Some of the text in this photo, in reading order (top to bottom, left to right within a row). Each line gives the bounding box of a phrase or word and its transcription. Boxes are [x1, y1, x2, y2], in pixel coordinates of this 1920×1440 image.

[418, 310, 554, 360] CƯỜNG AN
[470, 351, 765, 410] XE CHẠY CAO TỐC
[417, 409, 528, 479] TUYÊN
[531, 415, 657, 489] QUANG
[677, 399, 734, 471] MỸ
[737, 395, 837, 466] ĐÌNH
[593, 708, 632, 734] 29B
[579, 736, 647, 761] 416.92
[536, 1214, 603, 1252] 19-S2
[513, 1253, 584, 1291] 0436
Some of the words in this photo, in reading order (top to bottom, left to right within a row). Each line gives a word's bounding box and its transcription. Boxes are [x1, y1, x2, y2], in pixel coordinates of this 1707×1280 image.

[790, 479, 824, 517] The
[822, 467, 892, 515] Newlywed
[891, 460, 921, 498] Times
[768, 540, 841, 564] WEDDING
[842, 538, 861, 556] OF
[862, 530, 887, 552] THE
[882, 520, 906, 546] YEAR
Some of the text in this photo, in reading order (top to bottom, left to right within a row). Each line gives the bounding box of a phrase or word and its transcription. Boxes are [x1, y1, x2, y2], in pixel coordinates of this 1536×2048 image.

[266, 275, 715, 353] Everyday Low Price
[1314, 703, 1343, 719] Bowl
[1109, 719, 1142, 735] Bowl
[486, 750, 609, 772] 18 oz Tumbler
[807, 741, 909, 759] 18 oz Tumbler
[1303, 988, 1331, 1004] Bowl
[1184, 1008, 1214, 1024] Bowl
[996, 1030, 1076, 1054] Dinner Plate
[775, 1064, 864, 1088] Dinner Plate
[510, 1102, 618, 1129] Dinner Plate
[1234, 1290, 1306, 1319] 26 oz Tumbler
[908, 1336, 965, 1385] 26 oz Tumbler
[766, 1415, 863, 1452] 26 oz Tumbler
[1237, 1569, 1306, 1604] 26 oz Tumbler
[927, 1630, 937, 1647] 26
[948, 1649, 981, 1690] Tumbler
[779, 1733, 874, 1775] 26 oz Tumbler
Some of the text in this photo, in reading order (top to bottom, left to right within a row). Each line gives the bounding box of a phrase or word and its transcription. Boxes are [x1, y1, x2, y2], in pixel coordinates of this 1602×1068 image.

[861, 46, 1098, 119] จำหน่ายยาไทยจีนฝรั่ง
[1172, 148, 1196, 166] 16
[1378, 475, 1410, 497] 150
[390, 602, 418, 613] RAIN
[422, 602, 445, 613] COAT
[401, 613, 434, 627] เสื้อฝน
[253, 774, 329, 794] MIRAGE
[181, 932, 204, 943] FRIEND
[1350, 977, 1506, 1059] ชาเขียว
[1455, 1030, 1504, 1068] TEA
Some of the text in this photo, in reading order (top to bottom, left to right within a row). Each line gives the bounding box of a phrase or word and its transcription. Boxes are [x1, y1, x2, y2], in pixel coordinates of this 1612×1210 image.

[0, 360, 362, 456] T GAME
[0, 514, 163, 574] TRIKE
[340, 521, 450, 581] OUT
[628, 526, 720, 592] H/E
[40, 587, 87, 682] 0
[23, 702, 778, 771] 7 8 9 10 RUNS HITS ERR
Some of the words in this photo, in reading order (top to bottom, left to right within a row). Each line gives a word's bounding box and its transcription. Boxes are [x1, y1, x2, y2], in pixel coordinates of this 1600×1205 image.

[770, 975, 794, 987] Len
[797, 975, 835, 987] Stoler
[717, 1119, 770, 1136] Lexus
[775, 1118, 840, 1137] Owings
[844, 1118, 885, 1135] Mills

### Your goal:
Output an exact copy of the listing.

### Task output:
Some of the text in this photo, in reading order (top to bottom, left to right within a row). Each line gives the bounding box of a phrase or word and its transcription. Boxes are [x1, y1, x2, y2], in pixel coordinates of this 1920×1440 image.

[418, 310, 554, 360] CƯỜNG AN
[470, 351, 765, 410] XE CHẠY CAO TỐC
[417, 409, 528, 479] TUYÊN
[531, 415, 657, 489] QUANG
[677, 399, 734, 471] MỸ
[737, 395, 837, 466] ĐÌNH
[593, 708, 632, 734] 29B
[579, 736, 647, 761] 416.92
[536, 1214, 603, 1252] 19-S2
[513, 1253, 584, 1291] 0436
Some of the words in this photo, in reading order (top to bottom, left to right within a row). Each line gives a word's bounding box and its transcription. Boxes are [x1, y1, x2, y2], in pixel coordinates of this 1707×1280 image.

[790, 479, 824, 517] The
[822, 467, 892, 515] Newlywed
[891, 460, 921, 498] Times
[768, 540, 841, 564] WEDDING
[842, 538, 861, 556] OF
[862, 530, 887, 552] THE
[882, 520, 906, 546] YEAR
Some of the text in this photo, in reading order (top to bottom, left to right within a row). Each line gives the bounding box of a phrase or word and its transcription. Boxes are [x1, y1, x2, y2], in pixel coordinates of this 1536×2048 image.

[266, 275, 715, 353] Everyday Low Price
[1314, 703, 1343, 719] Bowl
[1109, 719, 1142, 735] Bowl
[486, 750, 609, 772] 18 oz Tumbler
[807, 741, 909, 759] 18 oz Tumbler
[1303, 988, 1331, 1004] Bowl
[1184, 1008, 1214, 1024] Bowl
[996, 1030, 1076, 1054] Dinner Plate
[775, 1064, 864, 1088] Dinner Plate
[510, 1102, 618, 1129] Dinner Plate
[1234, 1290, 1306, 1319] 26 oz Tumbler
[908, 1336, 965, 1385] 26 oz Tumbler
[766, 1415, 863, 1452] 26 oz Tumbler
[1237, 1569, 1306, 1604] 26 oz Tumbler
[927, 1630, 937, 1647] 26
[948, 1649, 981, 1690] Tumbler
[779, 1733, 874, 1775] 26 oz Tumbler
Some of the text in this photo, in reading order (top to bottom, left to right within a row). Each line gives the bounding box of a phrase or word and its transcription. Boxes are [x1, y1, x2, y2], in pixel coordinates of this 1602×1068 image.

[861, 46, 1098, 119] จำหน่ายยาไทยจีนฝรั่ง
[1172, 148, 1196, 166] 16
[1378, 475, 1410, 497] 150
[390, 602, 418, 613] RAIN
[422, 602, 445, 613] COAT
[401, 613, 434, 627] เสื้อฝน
[253, 774, 329, 794] MIRAGE
[181, 932, 204, 943] FRIEND
[1350, 977, 1506, 1059] ชาเขียว
[1455, 1030, 1504, 1068] TEA
Some of the text in this photo, in reading order (top to bottom, left to right within a row). Each line gives the bounding box of a phrase or word and its transcription. Boxes are [x1, y1, x2, y2], in pixel coordinates of this 1612×1210 image.

[0, 360, 362, 456] T GAME
[0, 514, 163, 574] TRIKE
[340, 521, 450, 581] OUT
[628, 526, 720, 592] H/E
[40, 587, 87, 682] 0
[23, 702, 778, 771] 7 8 9 10 RUNS HITS ERR
Some of the words in this photo, in reading order (top to bottom, left to right within a row). Each line gives a word's bounding box and its transcription. Boxes are [x1, y1, x2, y2], in pixel coordinates of this 1600×1205 image.

[770, 975, 794, 987] Len
[797, 975, 835, 987] Stoler
[717, 1119, 770, 1136] Lexus
[775, 1118, 840, 1137] Owings
[844, 1118, 885, 1135] Mills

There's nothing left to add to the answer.